PROBLEM STATEMENT: Reproduce the data below in full and exclude every picture.

RECORDS FOR PROCESSING:
● ● ● ●
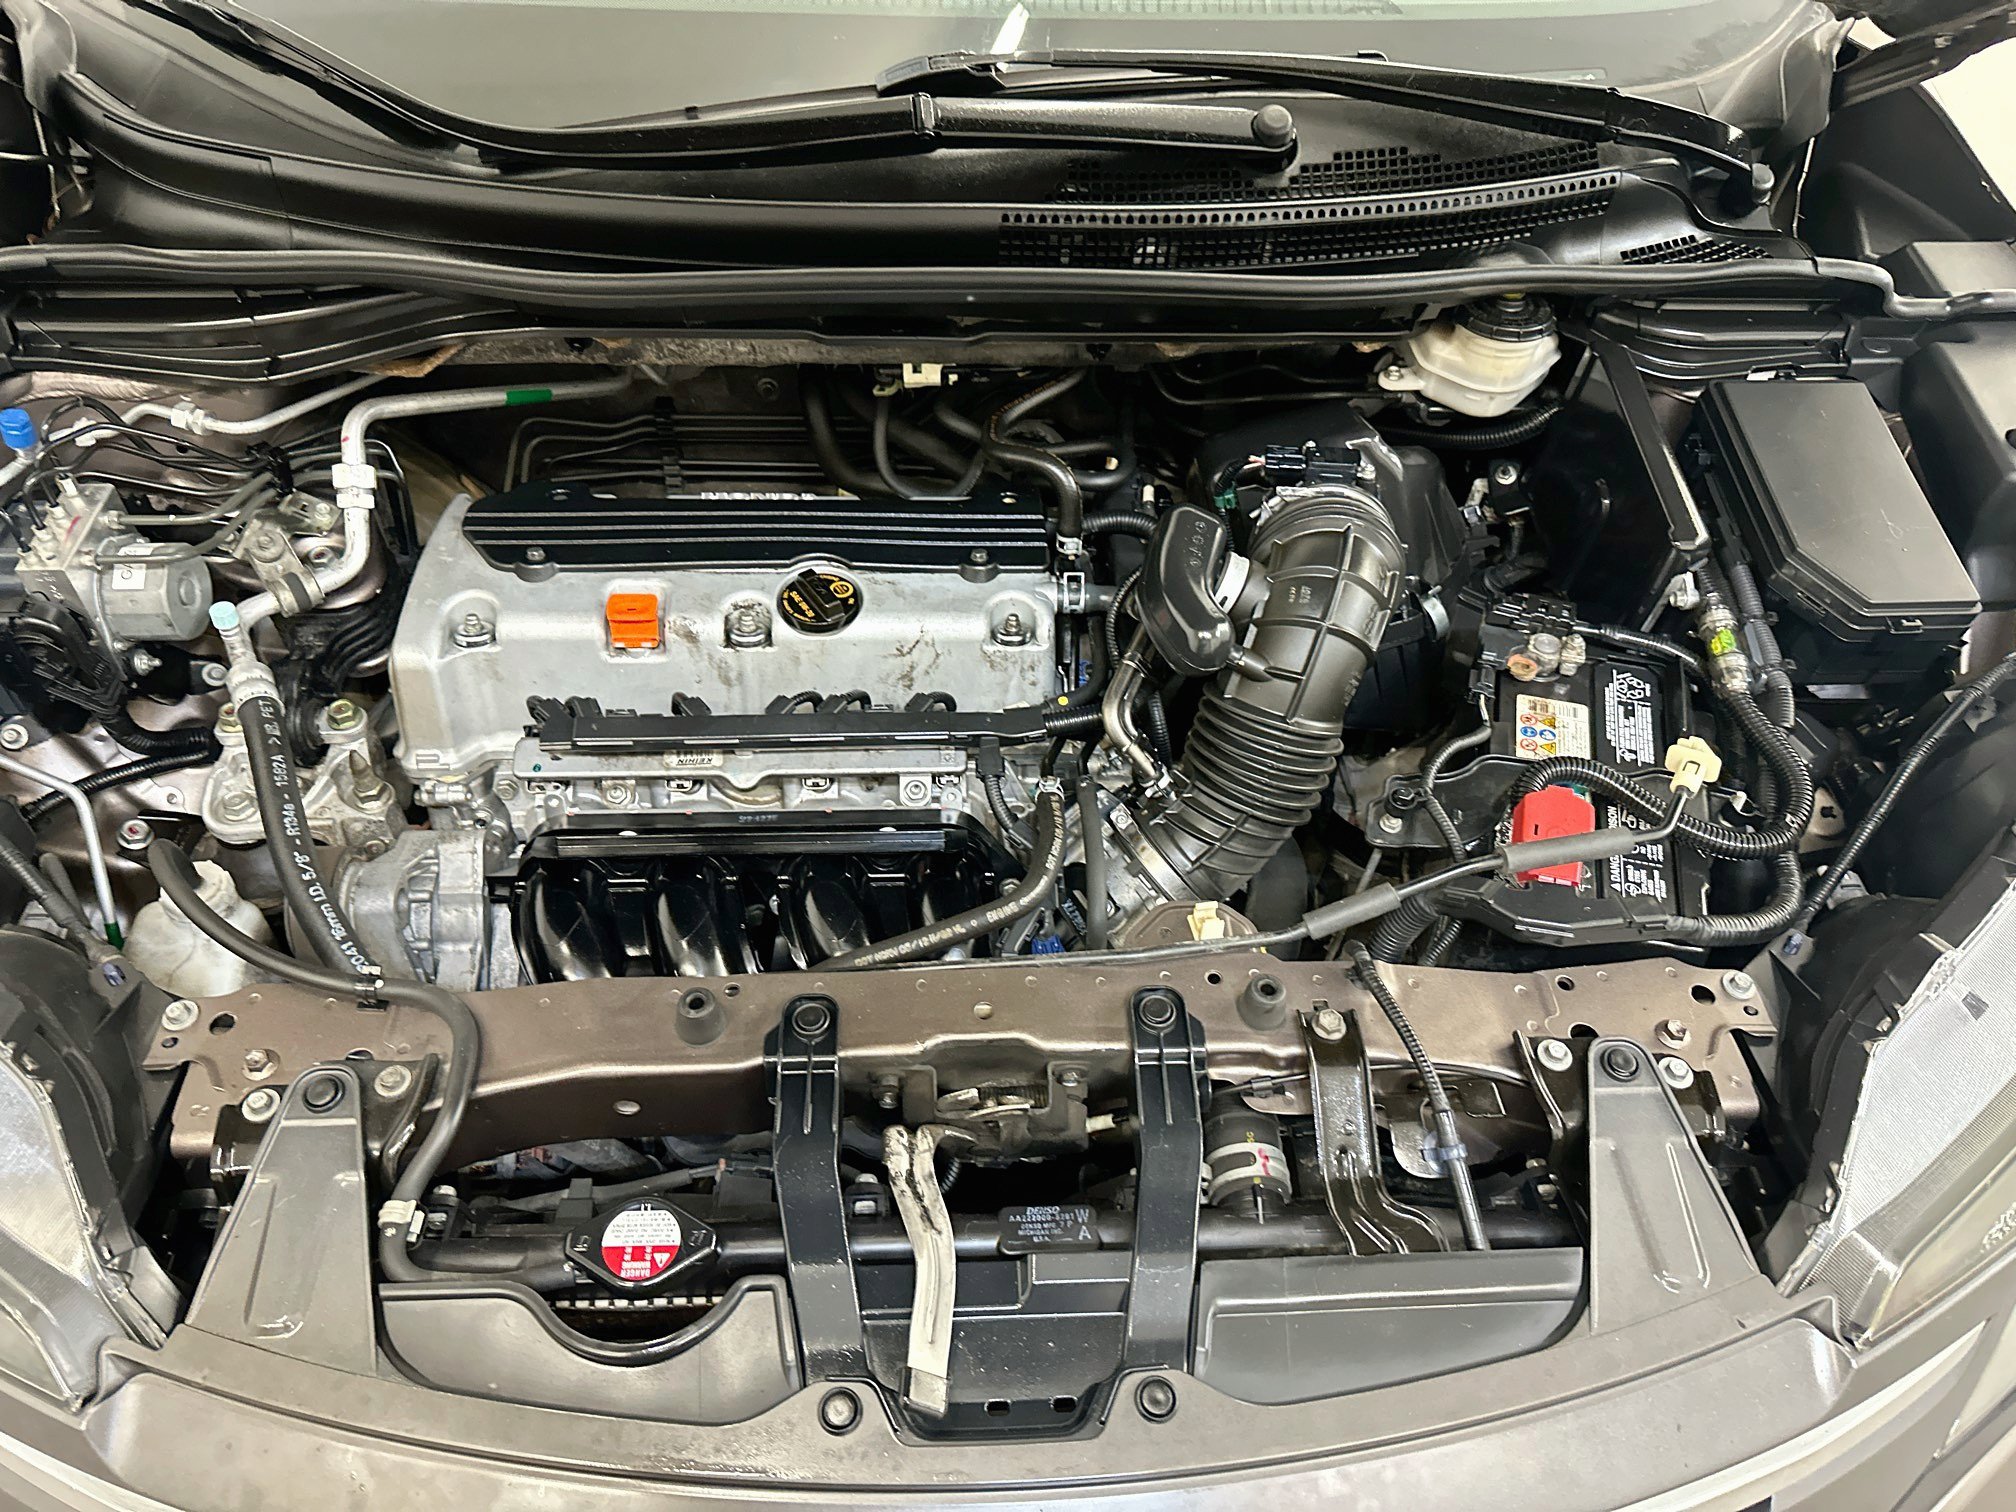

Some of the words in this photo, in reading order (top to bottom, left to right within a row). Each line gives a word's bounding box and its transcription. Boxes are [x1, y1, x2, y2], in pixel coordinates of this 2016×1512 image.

[270, 754, 289, 788] 1582A
[320, 903, 347, 941] 16mm
[1026, 1206, 1060, 1216] DENSO
[1078, 1225, 1092, 1241] A
[620, 1269, 651, 1278] DANGER
● ● ● ●
RESPONSE TO THE EXERCISE:
Some of the words in this photo, in reading order (top to bottom, left to right within a row). Each line gives a word's bounding box and its transcription. Boxes are [x1, y1, x2, y2], in pixel coordinates of this 2016×1512 image.

[270, 754, 289, 788] 1582A
[320, 903, 347, 941] 16mm
[1026, 1206, 1060, 1216] DENSO
[1078, 1225, 1092, 1241] A
[620, 1269, 651, 1278] DANGER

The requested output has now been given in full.